Because it was developed independently of the California Department of Education-sponsored model curriculum project. Thus, it is free of traditional and hegemonic bureaucratic, political and pedagogical constraints, restraints and perspectives.
What is the vision of the LESMC?
The vision of the LESMC is to promote the advancement and implementation of well-designed ethnic studies course and programs for the purpose of academic achievement, educational equity, community activist scholarship, and community leadership skills.
What is the difference between ethnic studies as reflected in the LESMC and multicultural education?

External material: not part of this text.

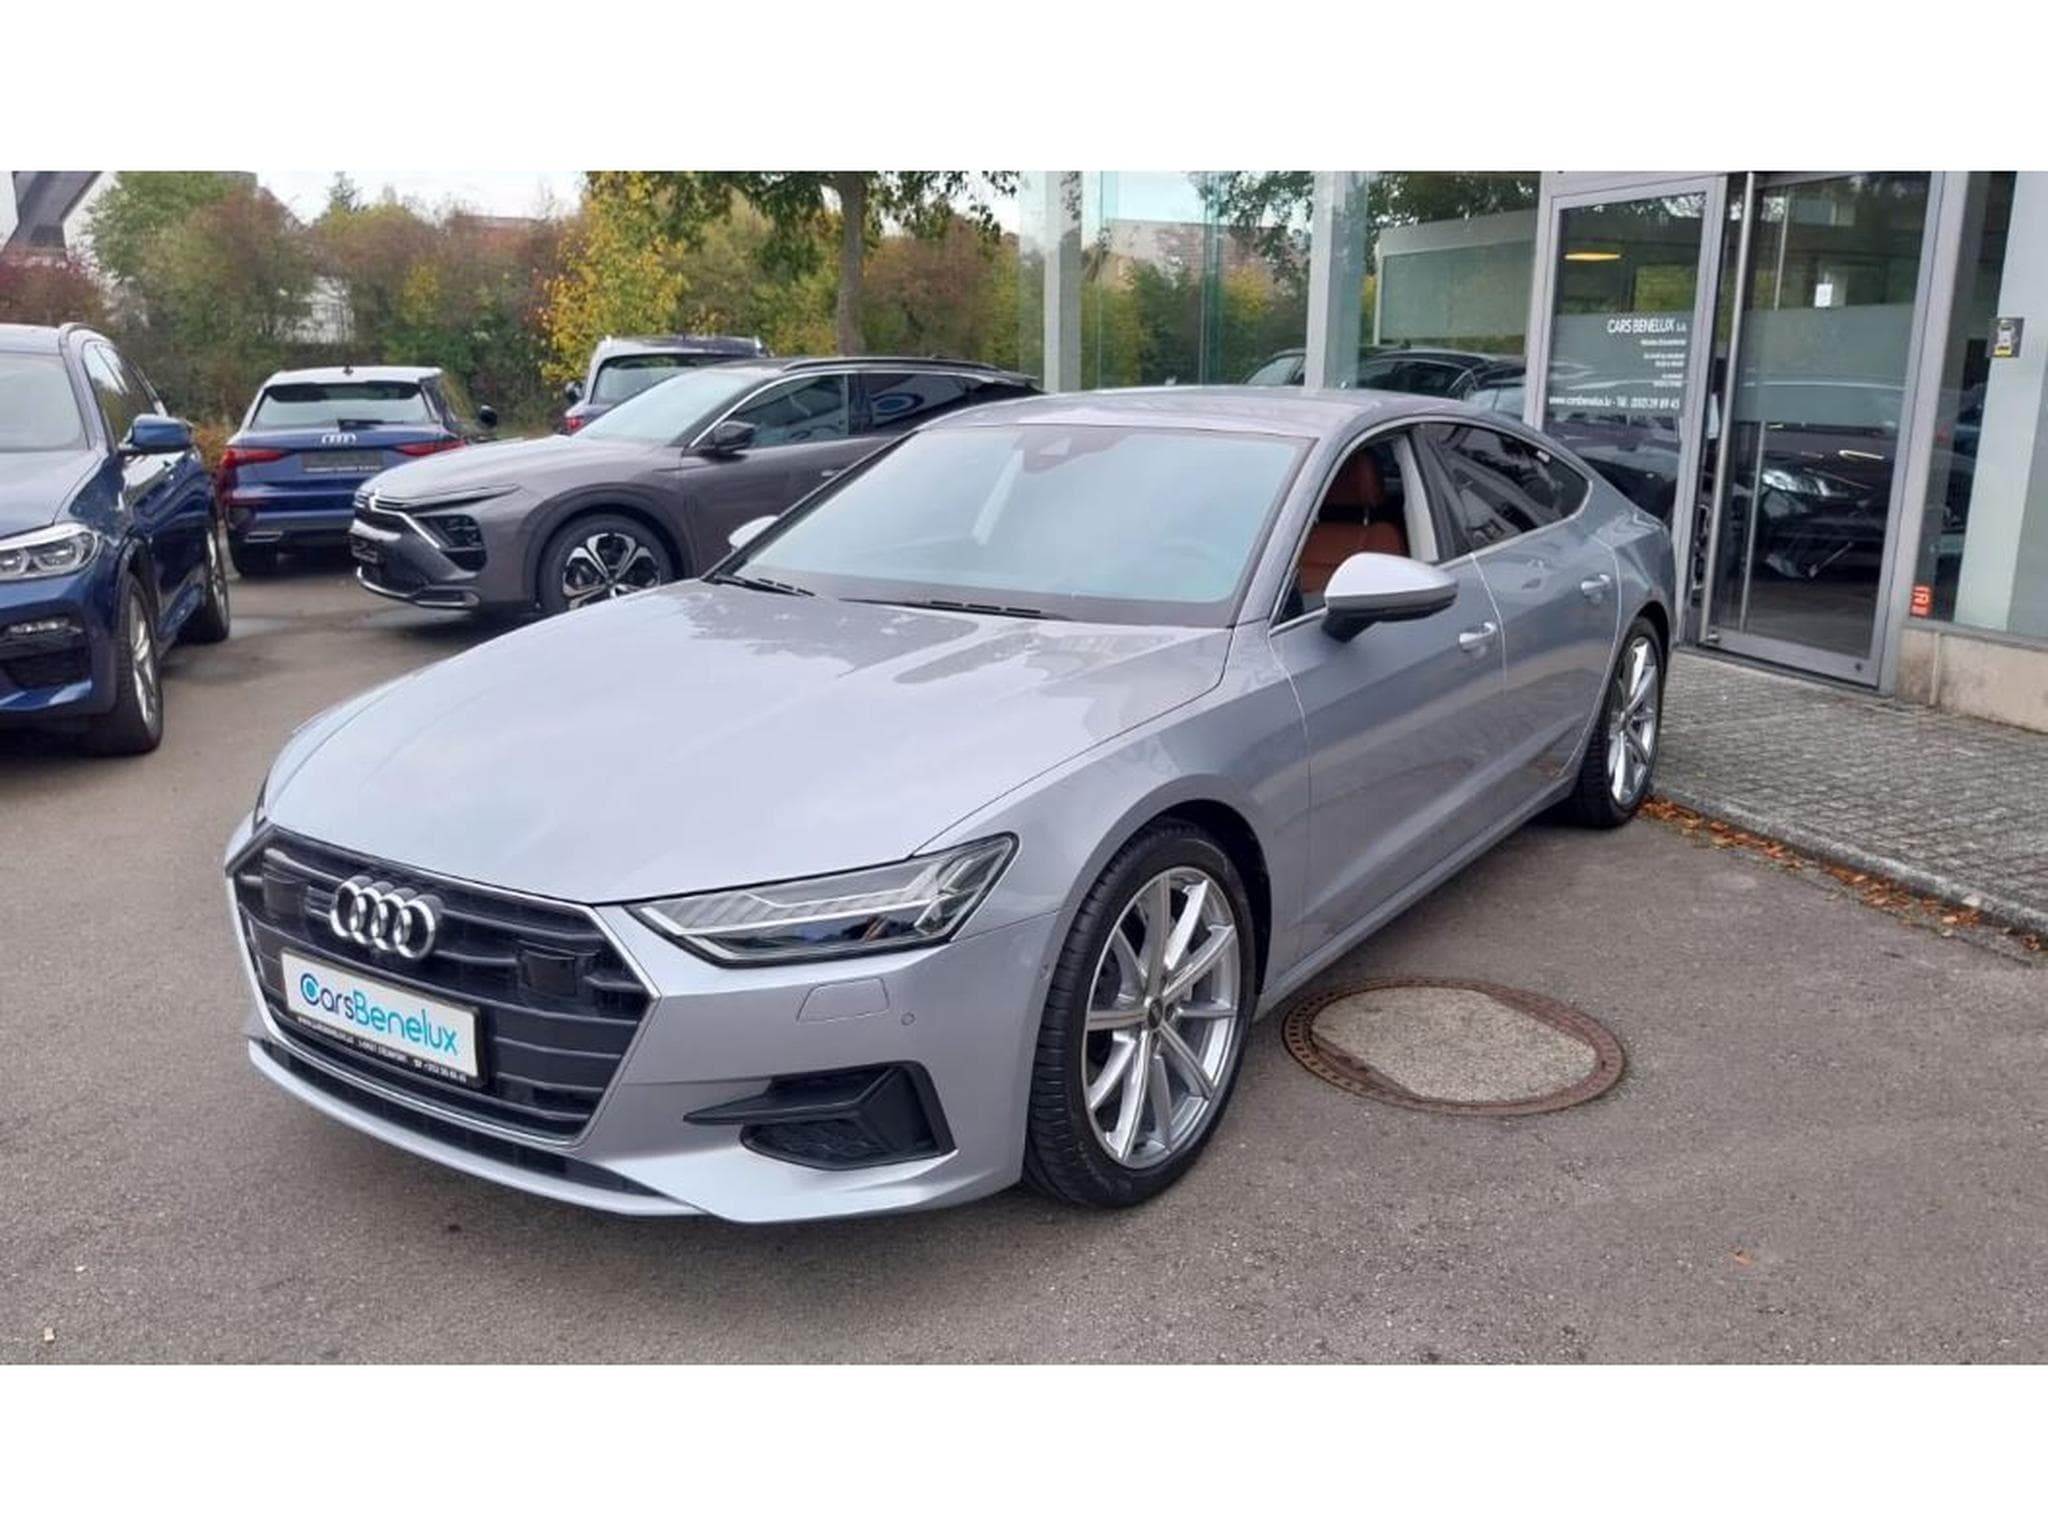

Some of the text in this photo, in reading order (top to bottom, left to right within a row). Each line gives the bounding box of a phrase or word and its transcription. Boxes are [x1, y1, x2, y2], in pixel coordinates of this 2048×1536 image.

[1607, 318, 1632, 333] CARS
[1633, 317, 1676, 333] BENELUX
[300, 973, 458, 1056] CarsBenelux

According to the developers of the LESMC, both are similar in the way they directly counter the harmful aspects of the traditional curriculum by centering what is too often pushed to the margins. Moreover, both “stress the knowledge and perspectives of historically marginalized groups often excluded in the traditional curriculum.” But, LESMC “centers the counter narratives, intellectual traditions and points of view rooted in lived experiences and intellectual scholarship of Asian American and pacific Islander, Chicana/o/xRaza, Black and American Indian/Native American Studies.”
What are the guiding principles and values of the LESMC?
The LESMC is underpinned by the values of humanization and critical consciousness. The first “includes the values of love, respect, hope, solidarity, and is based on the celebration of community wealth.” Community cultural wealth (CCW) is a concept developed by education scholar Tara Yosso; she defines CCW as: “the array of knowledge, skills abilities, and contacts possessed by communities of Color to survive and resist macro and micro-forms of oppression.” The value of critical consciousness “is the charge that the learner will engage in transformative change for the better.”
The principles of the LESMC are:
- celebrate and honor Native People/s of the land and communities of California by providing a space to share their stories of struggle and resistance, along with their intellectual, historical and linguistic knowledge”;
- center and place high value of precolonial, ancestral, indigenous, diasporic, familial, and marginalized knowledge;
- critique empire, white supremacy, anti-Blackness, anti-indigeneity, racism, patriarchy, cis heterogeneity, capitalism, ableism, anthropocentrism, and other forms of power and oppression at the intersections of our society;
- challenge imperialist/colonial hegemonic beliefs and practices on ideological, institutional, interpersonal, and internalized levels;
- connect ourselves to past and contemporary resistance movements that struggle for social justice on global and local levels to ensure a truer democracy;
- conceptualize, imagine and build new possibilities for post-imperial life that promote connective narratives of transformational resistance, critical hope, and radical healing;
- cultivate empathy, community actualization, cultural perpetuity, self worth, self-determination, and the holistic well-being of all participants, especially Native People/s and peoples of color.
More information can be found at the web site for the LESMC: https://www.liberatedethnicstudies.org.
*Update: With the passage of California Assembly Bill 101 in 2021, ethnic studies will be a graduation requirement for high school students beginning with the class of 2030.